::: Material for this task
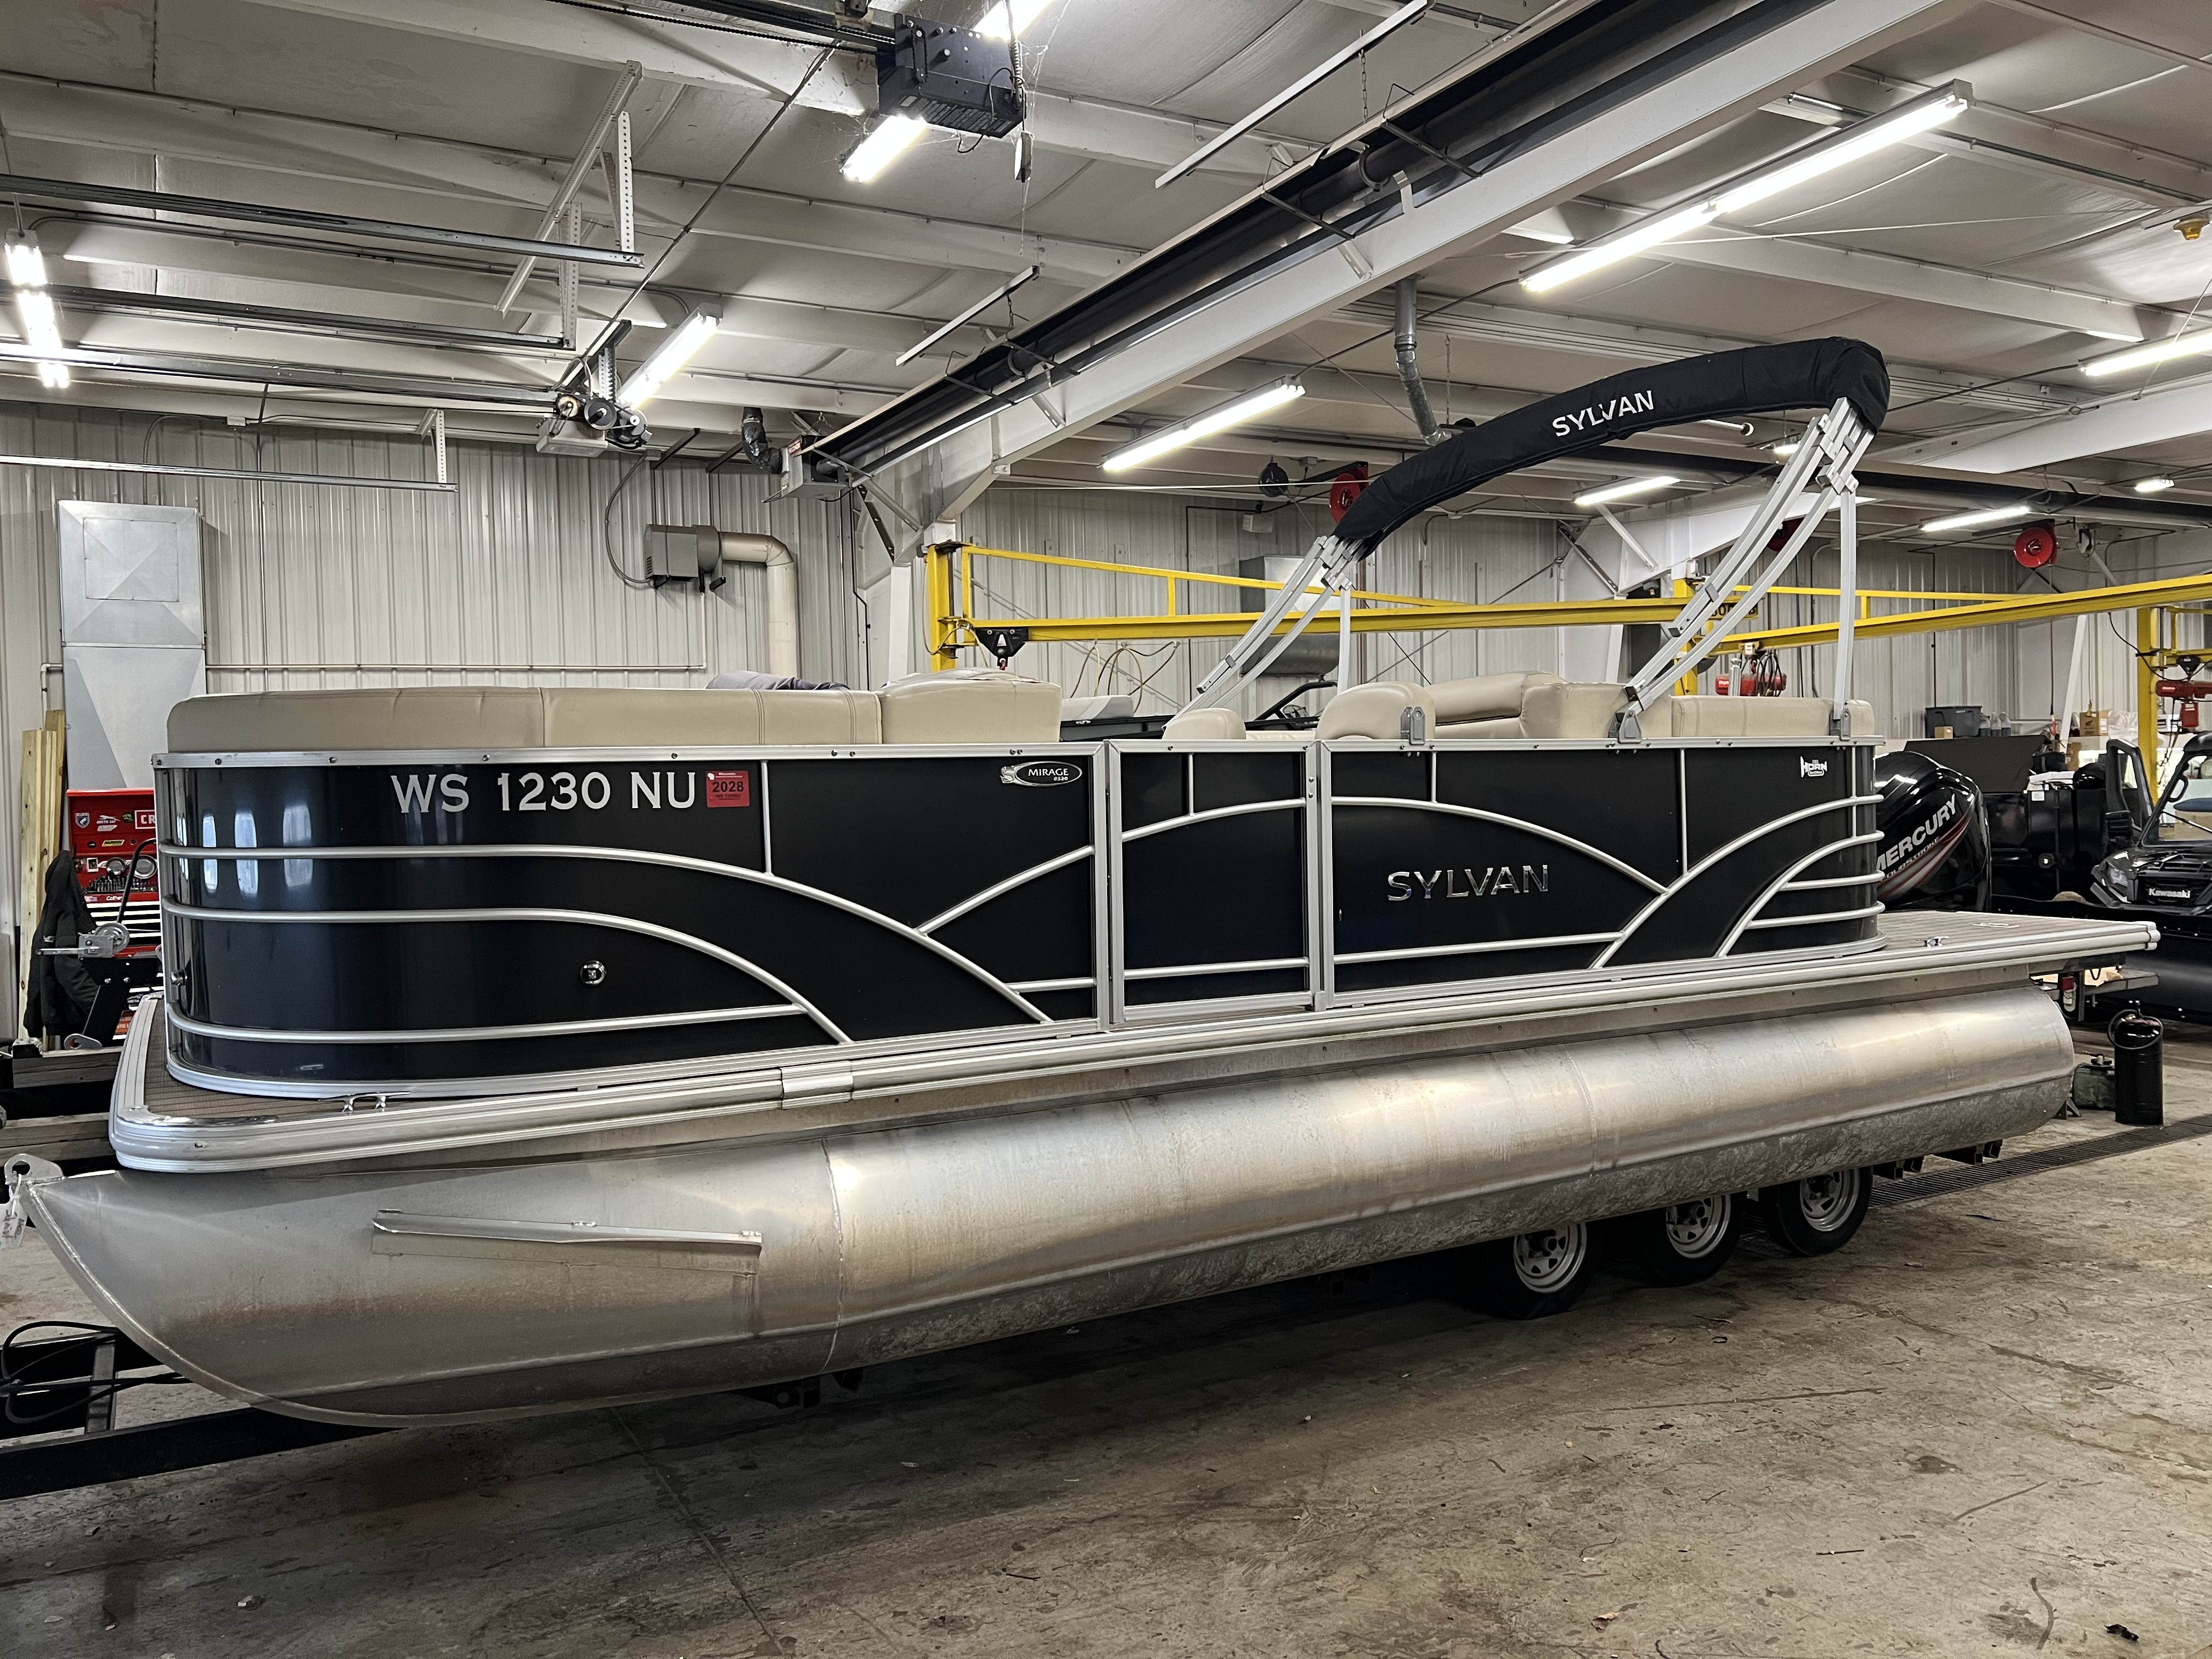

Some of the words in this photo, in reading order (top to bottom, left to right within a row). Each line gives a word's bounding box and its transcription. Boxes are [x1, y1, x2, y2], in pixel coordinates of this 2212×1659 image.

[1552, 390, 1654, 437] SYLVAN
[1028, 768, 1069, 776] MIRAGE
[390, 774, 470, 813] WS
[498, 771, 611, 811] 1230
[631, 772, 695, 809] NU
[713, 781, 744, 792] 2028
[1387, 865, 1548, 901] SYLVAN
[2148, 888, 2191, 898] Kawasaki
::::::
Transcribe the records above exactly, excluding every picture.

• _Response area_:
Some of the words in this photo, in reading order (top to bottom, left to right within a row). Each line gives a word's bounding box and its transcription. Boxes are [x1, y1, x2, y2], in pixel coordinates of this 2212×1659 image.

[1552, 390, 1654, 437] SYLVAN
[1028, 768, 1069, 776] MIRAGE
[390, 774, 470, 813] WS
[498, 771, 611, 811] 1230
[631, 772, 695, 809] NU
[713, 781, 744, 792] 2028
[1387, 865, 1548, 901] SYLVAN
[2148, 888, 2191, 898] Kawasaki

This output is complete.